I sobbed in his arms, holding on to his leather with fingers clenched deep, and I did it for a long time.

Eventually, High shifted in a way I knew he was going to pass me off and I allowed myself to be passed off, thinking I’d be moving into my mother’s arms.

More of the scent of leather, but mingled now with the fresh marine notes of soap assailed me as Snapper’s arms wrapped around me.

“What?” he asked under his breath.

“Her pa,” High answered. “She misses him.”

“Right,” Snap muttered.

I then heard a door close and knew Snapper and I were alone.

I just kept crying.

After a while, Snap asked, “You want me to take you upstairs so we can lay down?”

He’d said “we.”

Man.

“Th-th-they bought me Sephora,” I spluttered.

“They bought you what?” he asked.

“S-s-sephora.”

“Sephora?”

I nodded, my cheek moving on leather but feeling the threads of the patches on his chest too.

“What’s Sephora?” he asked.

“Only the b-b-best s-s-store in the m-m-mall.”

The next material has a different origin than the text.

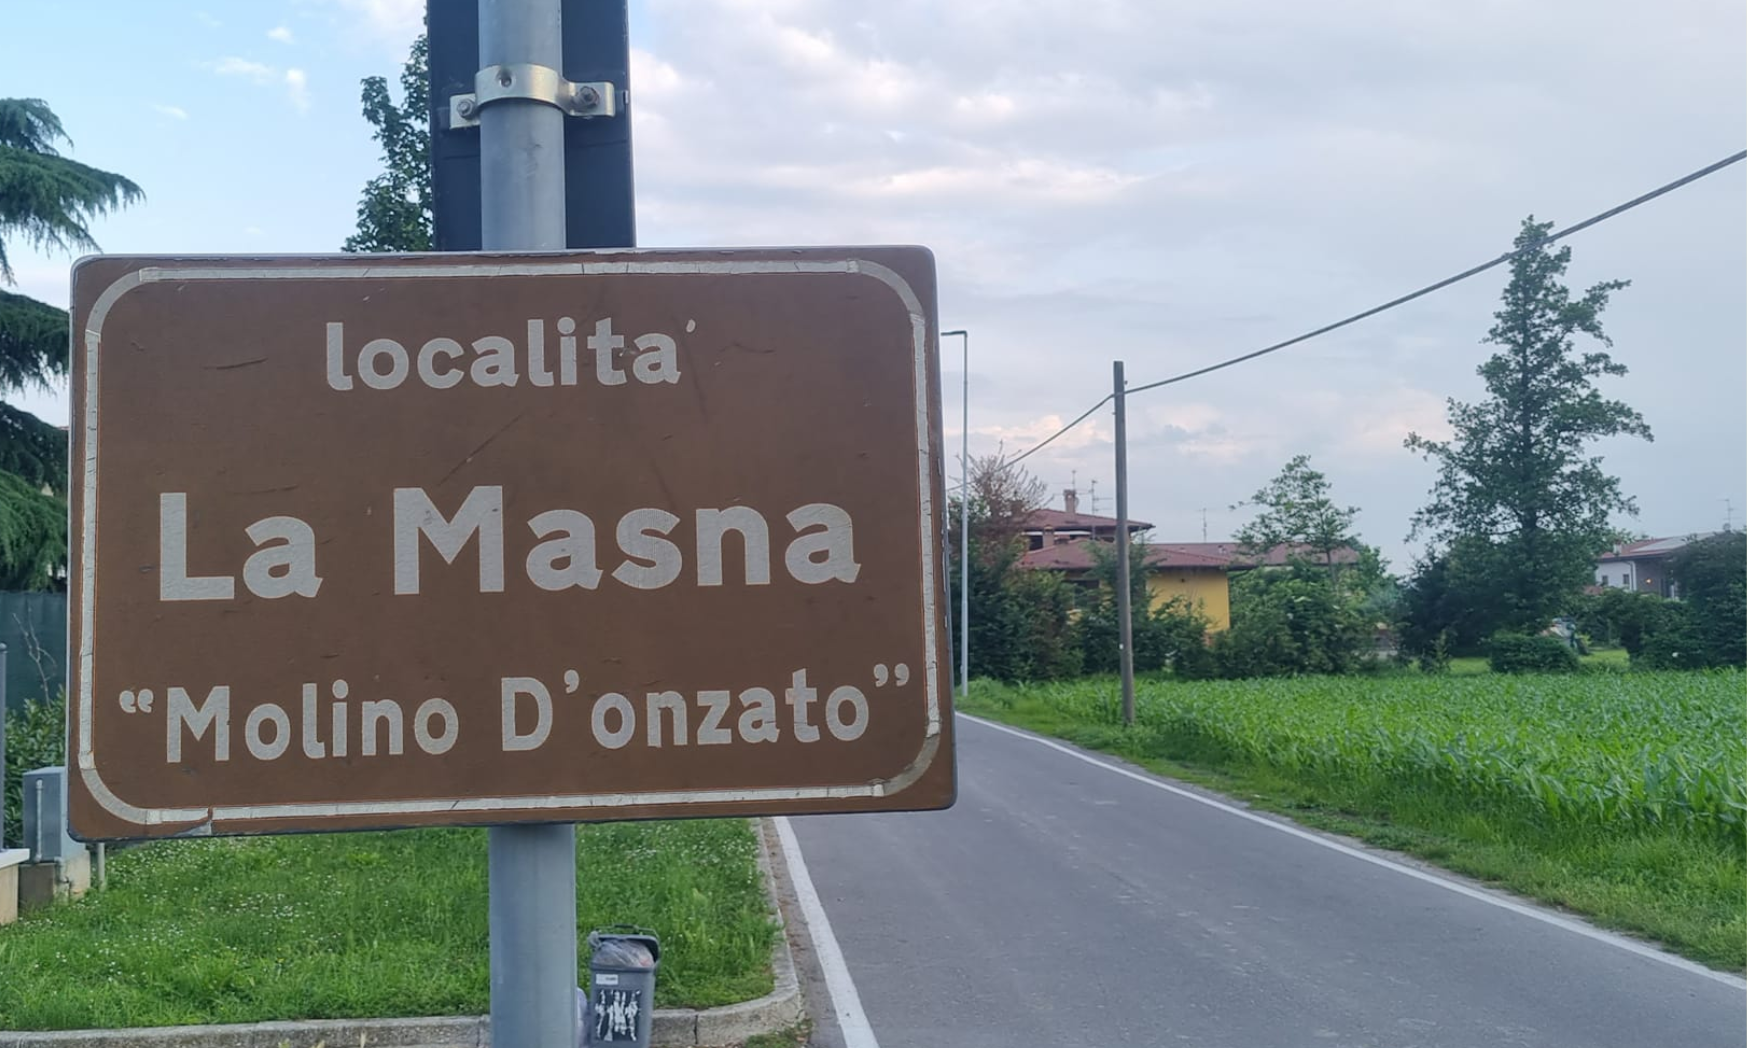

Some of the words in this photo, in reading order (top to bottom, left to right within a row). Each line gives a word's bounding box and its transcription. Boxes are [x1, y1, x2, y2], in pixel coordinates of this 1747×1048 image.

[159, 492, 324, 602] La
[393, 485, 862, 595] Masna
[118, 679, 459, 763] “Molino

There was a smile in his voice when he said, “See the old ladies took care of you.”

“I n-n-need Corona,” I told him.

“Good Tack’s back with that for you,” he replied.

He was back?

Jeez.

How long had I been crying?

“And t-tequila,” I added.

“How about you stop crying before you get yourself hammered? You can start bawling again after you’re hammered,” he suggested.

“M-maybe a good idea,” I mumbled into his chest, sniffling and pulling myself together.

Though in doing that, I will note, I did not move from his arms.